_Work instructions:_ The answer must be an exact copy of all the data below.

_Data:_
::::::::
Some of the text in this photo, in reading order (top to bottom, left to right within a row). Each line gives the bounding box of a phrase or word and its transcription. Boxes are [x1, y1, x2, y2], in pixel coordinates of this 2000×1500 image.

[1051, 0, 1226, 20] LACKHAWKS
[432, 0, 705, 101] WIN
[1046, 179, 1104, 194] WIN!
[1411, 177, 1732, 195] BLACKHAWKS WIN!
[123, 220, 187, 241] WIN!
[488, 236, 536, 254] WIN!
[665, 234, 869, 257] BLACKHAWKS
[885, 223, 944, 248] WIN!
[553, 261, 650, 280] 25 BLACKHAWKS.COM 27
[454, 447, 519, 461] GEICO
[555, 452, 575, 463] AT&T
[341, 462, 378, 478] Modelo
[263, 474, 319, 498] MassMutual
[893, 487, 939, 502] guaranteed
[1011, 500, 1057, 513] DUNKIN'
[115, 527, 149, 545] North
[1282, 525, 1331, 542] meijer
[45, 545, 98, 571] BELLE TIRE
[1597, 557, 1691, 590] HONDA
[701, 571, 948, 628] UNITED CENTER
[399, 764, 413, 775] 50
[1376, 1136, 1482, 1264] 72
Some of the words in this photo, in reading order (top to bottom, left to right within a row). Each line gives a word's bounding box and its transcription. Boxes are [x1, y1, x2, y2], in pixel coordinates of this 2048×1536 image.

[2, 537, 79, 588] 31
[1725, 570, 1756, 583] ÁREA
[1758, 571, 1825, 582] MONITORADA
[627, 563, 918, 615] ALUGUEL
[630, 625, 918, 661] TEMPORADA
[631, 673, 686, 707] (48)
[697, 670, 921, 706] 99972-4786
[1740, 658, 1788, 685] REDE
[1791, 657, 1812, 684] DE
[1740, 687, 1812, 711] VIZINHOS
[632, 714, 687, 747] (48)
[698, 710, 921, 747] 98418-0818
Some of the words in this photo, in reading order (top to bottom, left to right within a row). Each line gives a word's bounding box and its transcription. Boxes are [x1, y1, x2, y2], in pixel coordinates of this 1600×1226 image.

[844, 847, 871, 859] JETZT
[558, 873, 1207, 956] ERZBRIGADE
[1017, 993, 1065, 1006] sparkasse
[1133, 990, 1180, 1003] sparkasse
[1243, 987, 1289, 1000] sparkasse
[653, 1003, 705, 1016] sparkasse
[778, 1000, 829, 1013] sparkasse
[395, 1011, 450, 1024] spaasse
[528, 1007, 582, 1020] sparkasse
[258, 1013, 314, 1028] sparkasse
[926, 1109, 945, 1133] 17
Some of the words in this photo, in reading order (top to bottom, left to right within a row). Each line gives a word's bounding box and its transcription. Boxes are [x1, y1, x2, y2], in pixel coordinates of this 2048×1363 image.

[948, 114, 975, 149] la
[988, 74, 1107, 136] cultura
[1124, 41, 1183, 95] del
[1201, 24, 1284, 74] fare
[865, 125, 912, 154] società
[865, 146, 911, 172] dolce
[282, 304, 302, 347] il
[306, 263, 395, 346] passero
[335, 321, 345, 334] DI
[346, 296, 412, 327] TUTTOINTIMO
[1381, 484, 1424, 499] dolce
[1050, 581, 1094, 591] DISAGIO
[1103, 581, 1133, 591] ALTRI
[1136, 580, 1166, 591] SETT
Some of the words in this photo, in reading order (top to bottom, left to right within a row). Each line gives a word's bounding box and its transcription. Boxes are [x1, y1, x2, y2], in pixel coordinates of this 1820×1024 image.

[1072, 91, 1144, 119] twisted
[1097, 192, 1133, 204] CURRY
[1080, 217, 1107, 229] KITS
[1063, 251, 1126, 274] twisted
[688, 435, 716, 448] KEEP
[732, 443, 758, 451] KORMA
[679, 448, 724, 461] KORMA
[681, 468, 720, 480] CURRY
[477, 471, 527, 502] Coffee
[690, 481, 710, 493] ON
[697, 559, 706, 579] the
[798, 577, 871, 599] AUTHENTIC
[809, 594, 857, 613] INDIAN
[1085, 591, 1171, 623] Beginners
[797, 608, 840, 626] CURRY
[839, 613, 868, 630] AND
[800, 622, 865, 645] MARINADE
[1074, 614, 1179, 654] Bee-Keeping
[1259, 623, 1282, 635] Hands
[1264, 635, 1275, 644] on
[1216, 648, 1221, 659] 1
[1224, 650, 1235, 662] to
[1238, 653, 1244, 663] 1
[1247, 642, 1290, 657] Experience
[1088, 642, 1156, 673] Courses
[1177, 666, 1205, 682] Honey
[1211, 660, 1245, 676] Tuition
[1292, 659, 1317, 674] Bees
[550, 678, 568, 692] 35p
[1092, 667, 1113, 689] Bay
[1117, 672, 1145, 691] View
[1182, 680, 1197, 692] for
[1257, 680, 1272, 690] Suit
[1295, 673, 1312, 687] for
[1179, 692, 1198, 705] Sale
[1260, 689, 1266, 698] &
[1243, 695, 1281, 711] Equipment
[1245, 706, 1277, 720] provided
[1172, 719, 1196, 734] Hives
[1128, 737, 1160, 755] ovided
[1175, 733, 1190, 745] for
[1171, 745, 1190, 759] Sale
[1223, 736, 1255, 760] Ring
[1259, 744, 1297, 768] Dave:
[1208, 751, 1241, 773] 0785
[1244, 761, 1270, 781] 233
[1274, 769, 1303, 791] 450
::::::::
_Response below:_
Some of the text in this photo, in reading order (top to bottom, left to right within a row). Each line gives the bounding box of a phrase or word and its transcription. Boxes are [x1, y1, x2, y2], in pixel coordinates of this 2000×1500 image.

[1051, 0, 1226, 20] LACKHAWKS
[432, 0, 705, 101] WIN
[1046, 179, 1104, 194] WIN!
[1411, 177, 1732, 195] BLACKHAWKS WIN!
[123, 220, 187, 241] WIN!
[488, 236, 536, 254] WIN!
[665, 234, 869, 257] BLACKHAWKS
[885, 223, 944, 248] WIN!
[553, 261, 650, 280] 25 BLACKHAWKS.COM 27
[454, 447, 519, 461] GEICO
[555, 452, 575, 463] AT&T
[341, 462, 378, 478] Modelo
[263, 474, 319, 498] MassMutual
[893, 487, 939, 502] guaranteed
[1011, 500, 1057, 513] DUNKIN'
[115, 527, 149, 545] North
[1282, 525, 1331, 542] meijer
[45, 545, 98, 571] BELLE TIRE
[1597, 557, 1691, 590] HONDA
[701, 571, 948, 628] UNITED CENTER
[399, 764, 413, 775] 50
[1376, 1136, 1482, 1264] 72
Some of the words in this photo, in reading order (top to bottom, left to right within a row). Each line gives a word's bounding box and its transcription. Boxes are [x1, y1, x2, y2], in pixel coordinates of this 2048×1536 image.

[2, 537, 79, 588] 31
[1725, 570, 1756, 583] ÁREA
[1758, 571, 1825, 582] MONITORADA
[627, 563, 918, 615] ALUGUEL
[630, 625, 918, 661] TEMPORADA
[631, 673, 686, 707] (48)
[697, 670, 921, 706] 99972-4786
[1740, 658, 1788, 685] REDE
[1791, 657, 1812, 684] DE
[1740, 687, 1812, 711] VIZINHOS
[632, 714, 687, 747] (48)
[698, 710, 921, 747] 98418-0818
Some of the words in this photo, in reading order (top to bottom, left to right within a row). Each line gives a word's bounding box and its transcription. Boxes are [x1, y1, x2, y2], in pixel coordinates of this 1600×1226 image.

[844, 847, 871, 859] JETZT
[558, 873, 1207, 956] ERZBRIGADE
[1017, 993, 1065, 1006] sparkasse
[1133, 990, 1180, 1003] sparkasse
[1243, 987, 1289, 1000] sparkasse
[653, 1003, 705, 1016] sparkasse
[778, 1000, 829, 1013] sparkasse
[395, 1011, 450, 1024] spaasse
[528, 1007, 582, 1020] sparkasse
[258, 1013, 314, 1028] sparkasse
[926, 1109, 945, 1133] 17
Some of the words in this photo, in reading order (top to bottom, left to right within a row). Each line gives a word's bounding box and its transcription. Boxes are [x1, y1, x2, y2], in pixel coordinates of this 2048×1363 image.

[948, 114, 975, 149] la
[988, 74, 1107, 136] cultura
[1124, 41, 1183, 95] del
[1201, 24, 1284, 74] fare
[865, 125, 912, 154] società
[865, 146, 911, 172] dolce
[282, 304, 302, 347] il
[306, 263, 395, 346] passero
[335, 321, 345, 334] DI
[346, 296, 412, 327] TUTTOINTIMO
[1381, 484, 1424, 499] dolce
[1050, 581, 1094, 591] DISAGIO
[1103, 581, 1133, 591] ALTRI
[1136, 580, 1166, 591] SETT
Some of the words in this photo, in reading order (top to bottom, left to right within a row). Each line gives a word's bounding box and its transcription. Boxes are [x1, y1, x2, y2], in pixel coordinates of this 1820×1024 image.

[1072, 91, 1144, 119] twisted
[1097, 192, 1133, 204] CURRY
[1080, 217, 1107, 229] KITS
[1063, 251, 1126, 274] twisted
[688, 435, 716, 448] KEEP
[732, 443, 758, 451] KORMA
[679, 448, 724, 461] KORMA
[681, 468, 720, 480] CURRY
[477, 471, 527, 502] Coffee
[690, 481, 710, 493] ON
[697, 559, 706, 579] the
[798, 577, 871, 599] AUTHENTIC
[809, 594, 857, 613] INDIAN
[1085, 591, 1171, 623] Beginners
[797, 608, 840, 626] CURRY
[839, 613, 868, 630] AND
[800, 622, 865, 645] MARINADE
[1074, 614, 1179, 654] Bee-Keeping
[1259, 623, 1282, 635] Hands
[1264, 635, 1275, 644] on
[1216, 648, 1221, 659] 1
[1224, 650, 1235, 662] to
[1238, 653, 1244, 663] 1
[1247, 642, 1290, 657] Experience
[1088, 642, 1156, 673] Courses
[1177, 666, 1205, 682] Honey
[1211, 660, 1245, 676] Tuition
[1292, 659, 1317, 674] Bees
[550, 678, 568, 692] 35p
[1092, 667, 1113, 689] Bay
[1117, 672, 1145, 691] View
[1182, 680, 1197, 692] for
[1257, 680, 1272, 690] Suit
[1295, 673, 1312, 687] for
[1179, 692, 1198, 705] Sale
[1260, 689, 1266, 698] &
[1243, 695, 1281, 711] Equipment
[1245, 706, 1277, 720] provided
[1172, 719, 1196, 734] Hives
[1128, 737, 1160, 755] ovided
[1175, 733, 1190, 745] for
[1171, 745, 1190, 759] Sale
[1223, 736, 1255, 760] Ring
[1259, 744, 1297, 768] Dave:
[1208, 751, 1241, 773] 0785
[1244, 761, 1270, 781] 233
[1274, 769, 1303, 791] 450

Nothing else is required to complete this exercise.